Tiene el lector en sus manos el más reciente poemario de Iliana Rodríguez, poeta que se encuentra en la búsqueda de formas, temas y paisajes propios, que no se insertan en ninguna corriente, grupo ni tendencia dominante en el panorama actual de la poesía que se escribe hoy entre nosotros.
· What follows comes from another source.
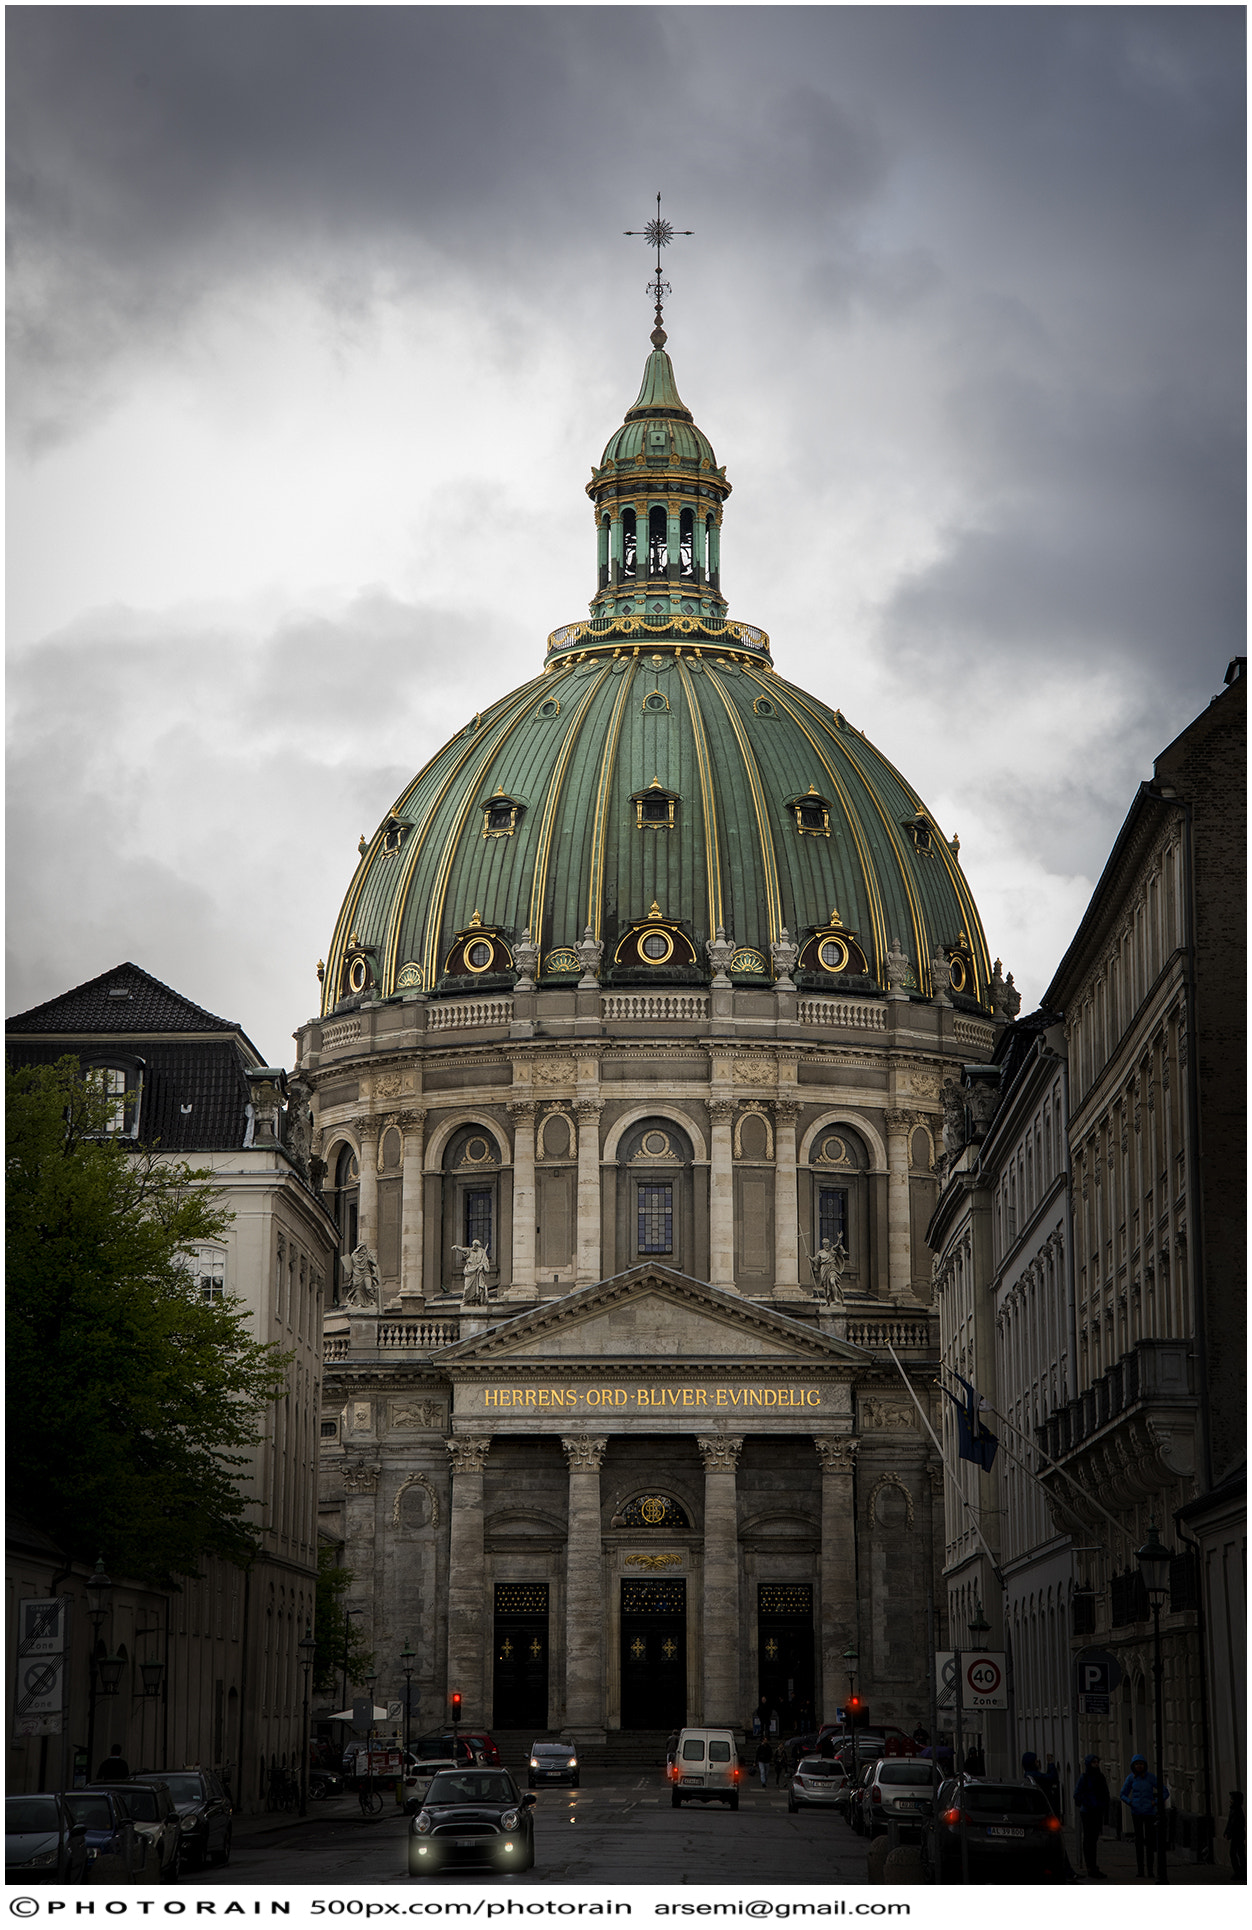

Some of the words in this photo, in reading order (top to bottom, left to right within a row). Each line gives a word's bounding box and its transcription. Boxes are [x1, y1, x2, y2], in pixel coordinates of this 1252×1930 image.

Desde su poemario anterior, Lapidario, construido con la paciencia y el tono de un miniaturista medieval, pero escrito con el mundo actual como trasfondo, podemos notar que las propuestas de esta autora no se encuentran en la línea de las corrientes pasajeras de escritura supuestamente a la moda (intelectualismo, antiintelectualismo, spoken poetry, etc.): muestran, por lo contrario, una atención profunda hacia los demonios, los placeres y los interrogantes que sus propias inquietudes van transformando en poemas, con el rigor y los riesgos que toda búsqueda auténtica acarrea. Esto no quiere decir que en los textos que configuran Embosque no encontremos, asimismo, signos reales que nos muestran que sus poemas se escribieron hoy, aquí; no desde un mundo ideal de figuraciones lingüísticas abstractas, sino a brazo partido con obsesiones, temas y formas de decir que concretan a través de sus poemas un mundo expresivo, algunas de cuyas notas específicas trataré de señalar en estas páginas.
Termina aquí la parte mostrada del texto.